Exclude the pictures, then repeat the remaining data exactly.

(Dataset entries)

= = =

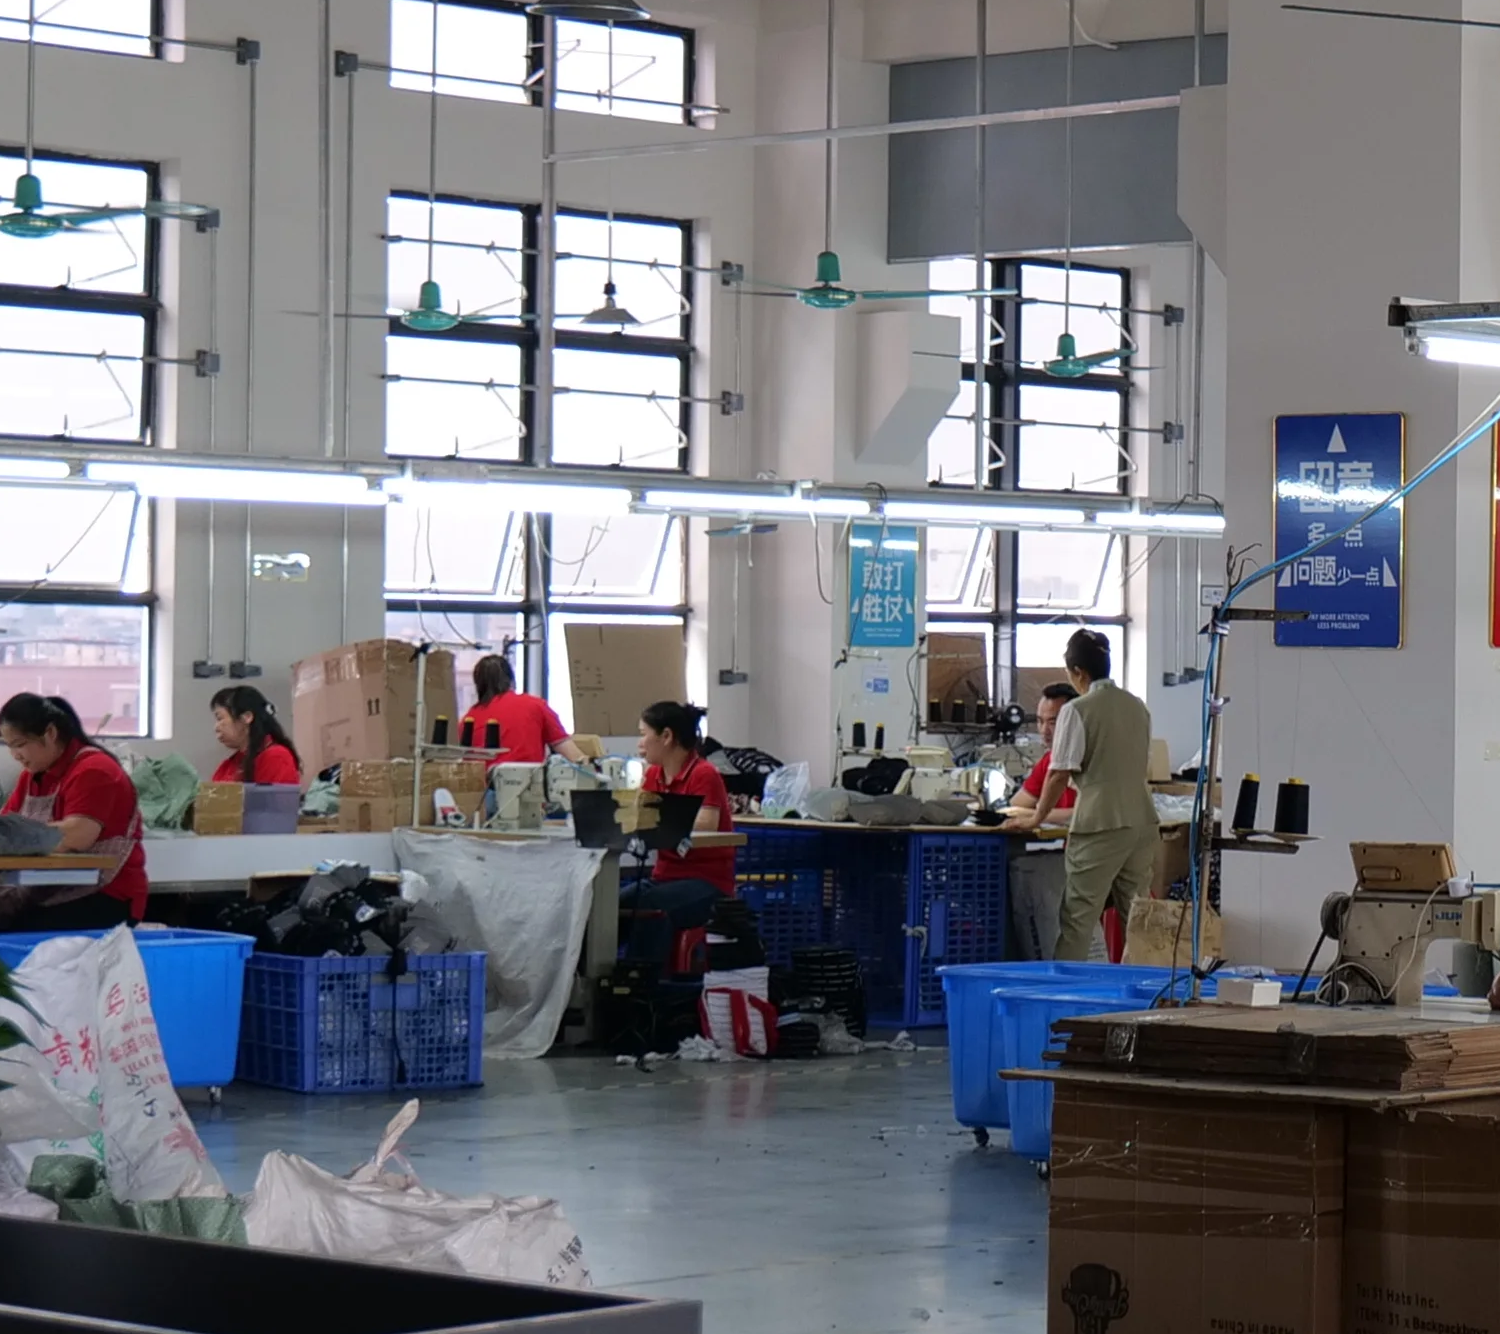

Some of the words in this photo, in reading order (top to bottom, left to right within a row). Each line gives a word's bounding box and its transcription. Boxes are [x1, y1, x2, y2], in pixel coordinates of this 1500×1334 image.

[863, 561, 904, 591] 敢打
[862, 593, 904, 622] 胜仗
[1372, 1285, 1384, 1299] 31
[1386, 1288, 1412, 1307] Hats
[1415, 1293, 1440, 1310] Inc.
[1210, 1318, 1245, 1334] China
[1356, 1307, 1384, 1323] ITEM:
[1388, 1312, 1400, 1326] 31
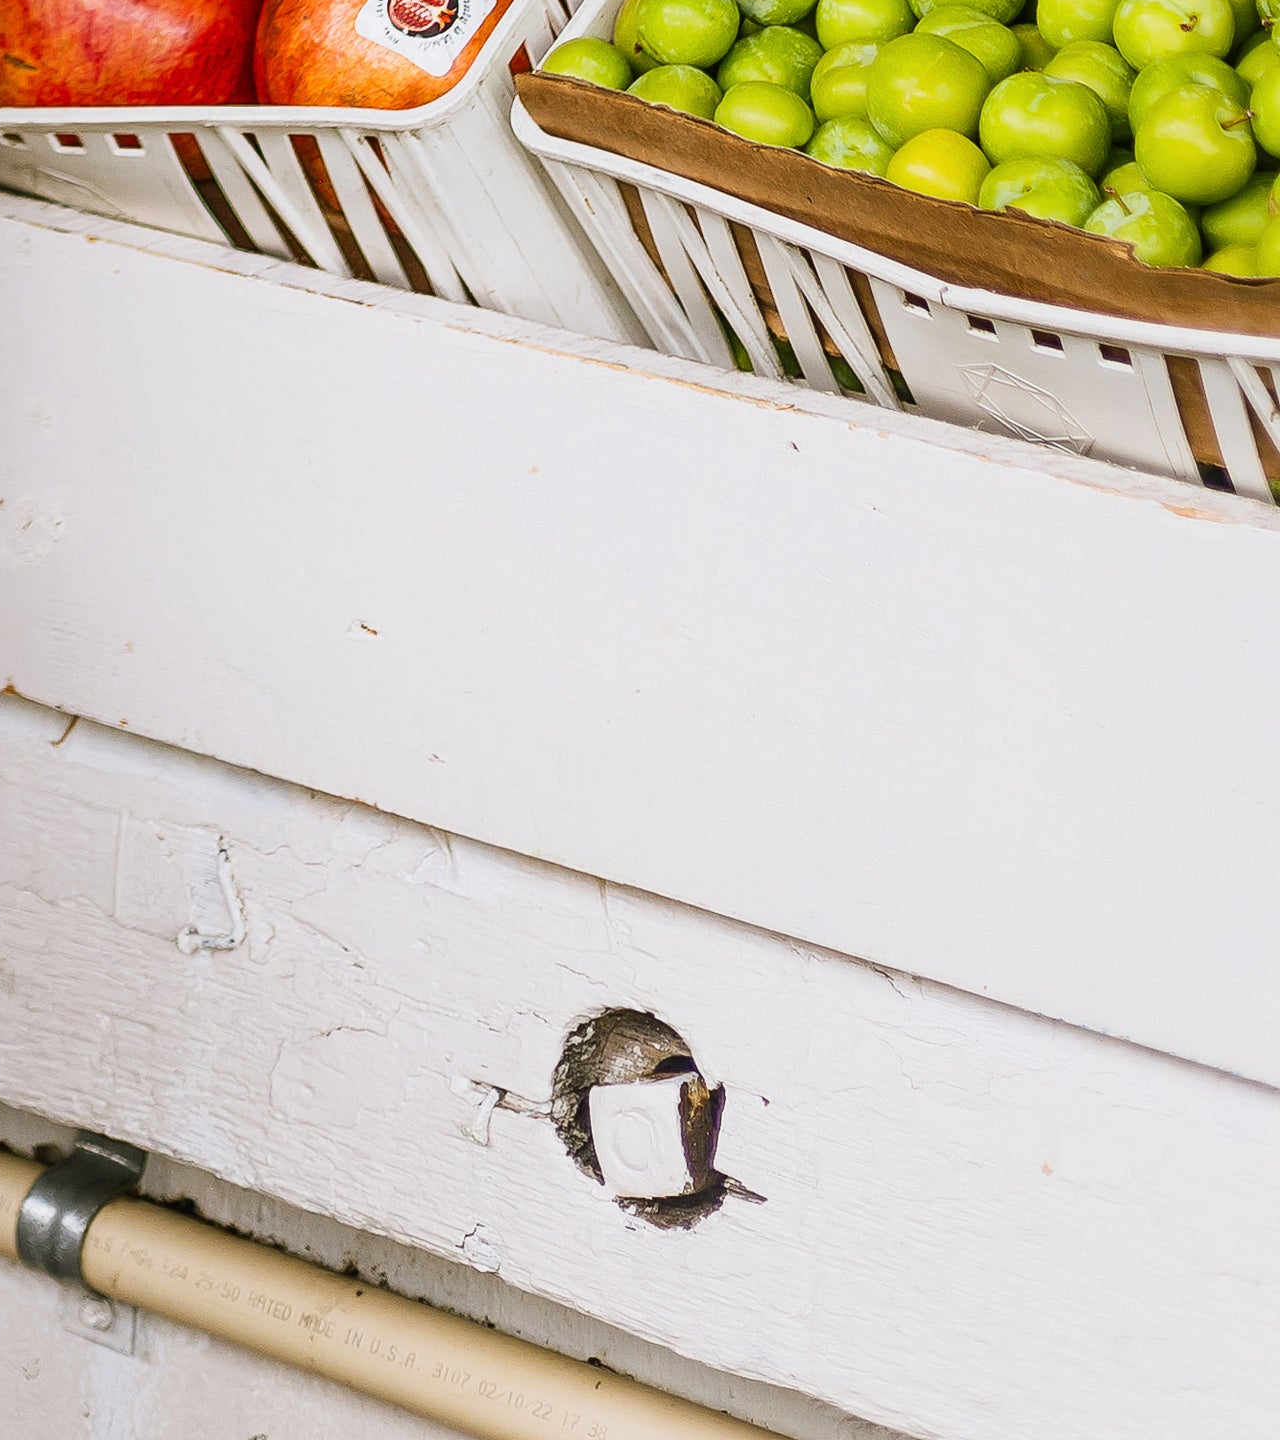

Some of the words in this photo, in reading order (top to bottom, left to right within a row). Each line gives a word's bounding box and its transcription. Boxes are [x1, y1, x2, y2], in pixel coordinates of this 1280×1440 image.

[246, 1291, 293, 1320] RATED
[297, 1311, 336, 1337] MADE
[343, 1329, 362, 1347] IN
[368, 1339, 423, 1370] U.S.A.
[431, 1362, 470, 1389] 3107
[476, 1380, 552, 1419] 02/10/22

= = =

RESULT ▸
Some of the words in this photo, in reading order (top to bottom, left to right within a row). Each line gives a word's bounding box and its transcription. Boxes are [x1, y1, x2, y2], in pixel coordinates of this 1500×1334 image.

[863, 561, 904, 591] 敢打
[862, 593, 904, 622] 胜仗
[1372, 1285, 1384, 1299] 31
[1386, 1288, 1412, 1307] Hats
[1415, 1293, 1440, 1310] Inc.
[1210, 1318, 1245, 1334] China
[1356, 1307, 1384, 1323] ITEM:
[1388, 1312, 1400, 1326] 31

Some of the words in this photo, in reading order (top to bottom, left to right within a row). Each line gives a word's bounding box and its transcription. Boxes are [x1, y1, x2, y2], in pixel coordinates of this 1280×1440 image.

[246, 1291, 293, 1320] RATED
[297, 1311, 336, 1337] MADE
[343, 1329, 362, 1347] IN
[368, 1339, 423, 1370] U.S.A.
[431, 1362, 470, 1389] 3107
[476, 1380, 552, 1419] 02/10/22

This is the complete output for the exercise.